Síntomas a las 37 semanas de embarazo

Síntomas las 37 semanas de embarazo No subir de peso

¡Yupii – otro síntoma de embarazo feliz! Muchas mujeres no ganan nada de peso en esta etapa, lo que es una gran diferencia con respecto al aumento de medio kilo a la semana que te espera durante el tercer trimestre.

El bebé no se mueve tanto

Si tu bebé está más tranquilo de lo habitual, no te preocupes: para cuando su cabeza esté en tu pelvis, habrá mucho menos espacio para que baile, con los únicos movimientos posibles, por lo general retorciéndose. Lo importante es sentir algo de movimiento todos los días. Si no sientes esto, habla con tu médico.

Insomnio

Puede ser más difícil que nunca dormirse por la noche, así que trata de tomártelo con más calma durante el día.  Necesitarás relajarte antes del agotador pero hermoso torbellino que el bebé traerá consigo.

Cambio de pecho

Al igual que tu ombligo, tus pechos probablemente están sobresaliendo, tus pezones también sobresaldrán más ahora, perfecto para que tu bebé se aferre a él una vez que nazca.

Estrías

Dependiendo de tu genética o tipo de piel, es posible que ya tengas algunas estrías en la barriga. Es aún más probable que aparezcan nuevas en esta etapa tardía. Sigue usando una crema o aceite para las estrías y manténte hidratada (incluso si esto significa más viajes al baño).

Romper aguas

Sea antes o después de que ocurran las contracciones, romper aguas significa que el parto es inminente. Ya tengas un simple goteo o un chorro, llama a tu médico para informarle de las noticias.

Manchado

Sangrar en esta etapa no es anormal. El cuello del útero es hipersensible, por lo que tener relaciones sexuales podría hacer que sangrara. Asegúrate de llamar a tu médico si es grave, ya que el sangrado vaginal podría indicar un desprendimiento de placenta y necesitaría tratamiento inmediato.  Además, trata de no confundir el manchado con la pérdida de tu tapón de moco.

Tapón mucoso

Prepárate para perder tu tapón de moco. Ocurre en un momento diferente para cada mujer, pero puede ocurrir semanas, días u horas antes de que comience el parto, y parece una secreción amarilla teñida de sangre.

Qué hacer esta semana

¿Sientes que quieres hacer de tu casa el hogar perfecto para tu bebé? Bienvenida al instinto de anidación! Desde rascar el moho de las juntas en el baño hasta reordenar cada elemento del armario de la cocina, o incluso desmontar las manijas de las puertas para que puedas desinfectar los tornillos cuando este instinto te golpee, nada se interpondrá en tu camino. Ni siquiera un compañero desconcertado. Esencialmente, es una necesidad primordial preparar un «nido» para el nuevo bebé y organizar su mundo.
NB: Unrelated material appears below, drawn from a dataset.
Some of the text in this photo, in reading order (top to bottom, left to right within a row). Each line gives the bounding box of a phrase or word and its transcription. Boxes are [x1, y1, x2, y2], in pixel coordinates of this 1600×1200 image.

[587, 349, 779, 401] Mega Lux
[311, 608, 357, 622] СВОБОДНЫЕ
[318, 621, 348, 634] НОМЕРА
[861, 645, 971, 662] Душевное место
Aunque, por supuesto, no es perjudicial pasar los días limpiando (¡si es necesario!), hay algunas cosas de las que debes ser consciente en primer lugar. Si sientes el impulso de redecorar, aléjate de las pinturas a base de aceite, de las pinturas viejas que pueden contener plomo y de algunas pinturas de látex que contienen mercurio. La mayoría de las de base acuosa se pueden usar, pero siempre revisa la etiqueta y usa ropa o guantes protectores. ¿Deseas desinfectar tu casa de arriba a abajo? Comprueba la seguridad de los productos que estás utilizando. Por ejemplo, evita los limpiadores de hornos y los productos de limpieza en seco, y nunca mezcles amoníaco con productos a base de cloro como la lejía, ya que la combinación produce vapores tóxicos.
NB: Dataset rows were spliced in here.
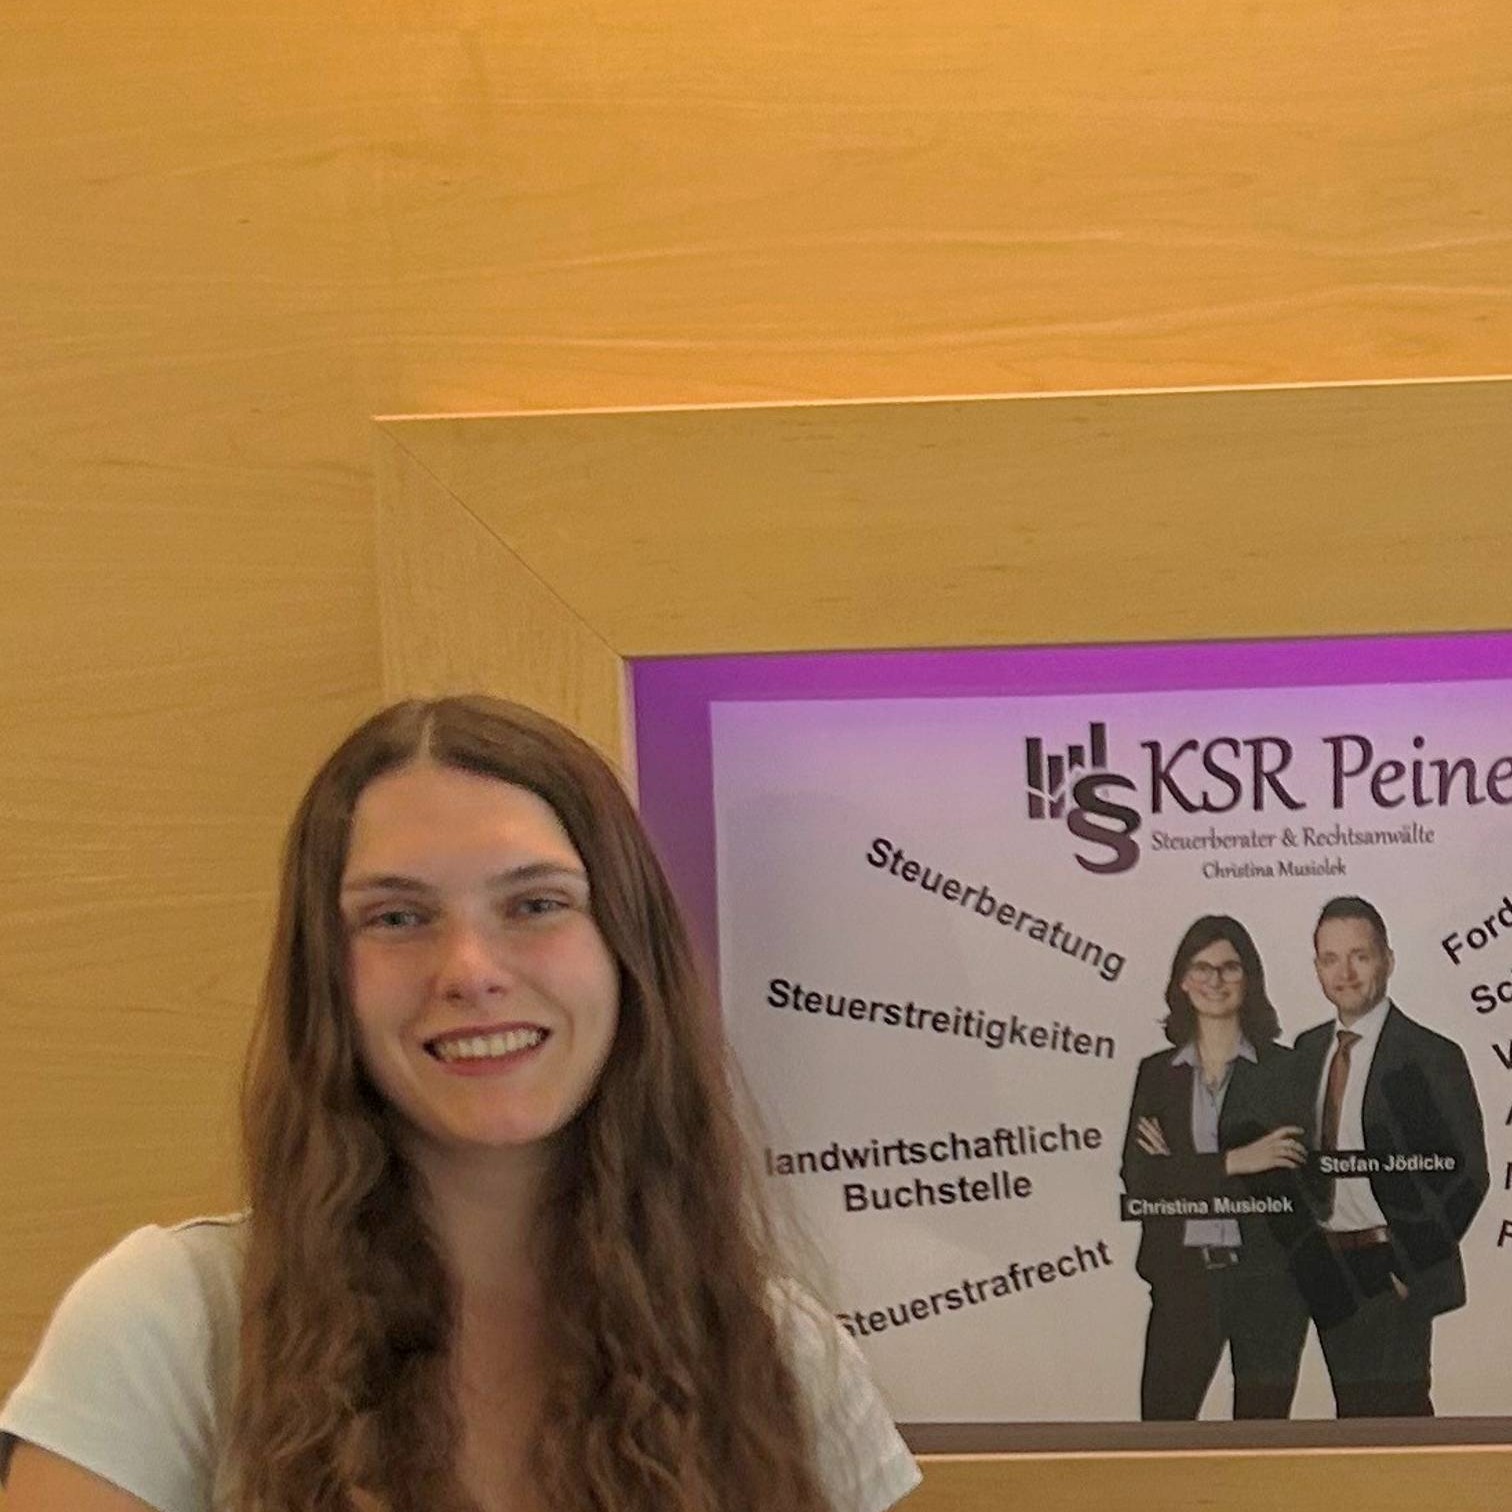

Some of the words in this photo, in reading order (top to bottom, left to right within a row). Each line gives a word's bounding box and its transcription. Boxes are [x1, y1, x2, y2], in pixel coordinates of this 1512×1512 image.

[1140, 736, 1306, 814] KSR
[1151, 827, 1277, 850] Steuerberater
[1281, 828, 1298, 847] &
[1302, 822, 1436, 847] Rechtsanwälte
[1202, 861, 1275, 879] Christina
[1277, 857, 1347, 877] Musiolek
[866, 837, 1127, 981] Steuerberatung
[767, 978, 1116, 1059] Steuerstreitigkeiten
[764, 1123, 1103, 1177] landwirtschaftliche
[1320, 1155, 1379, 1174] Stefan
[1383, 1152, 1456, 1172] Jödicke
[843, 1171, 1033, 1212] Buchstelle
[1127, 1198, 1208, 1217] Christina
[1213, 1196, 1295, 1215] Musiolek
Usa guantes de goma cuando limpies y trata de no respirar gases fuertes. Y si tienes un gato, usa guantes para limpiar la caja de arena o consigue que otra persona lo haga mientras estás embarazada. Las heces de gato pueden causar toxoplasmosis (una infección sanguínea muy grave y poco común que puede causar defectos de nacimiento). Y podría ser una buena idea alejarse de la jardinería si tu gato va al baño de afuera, o si sabes que las mascotas del vecindario usan tu jardín como un inodoro público.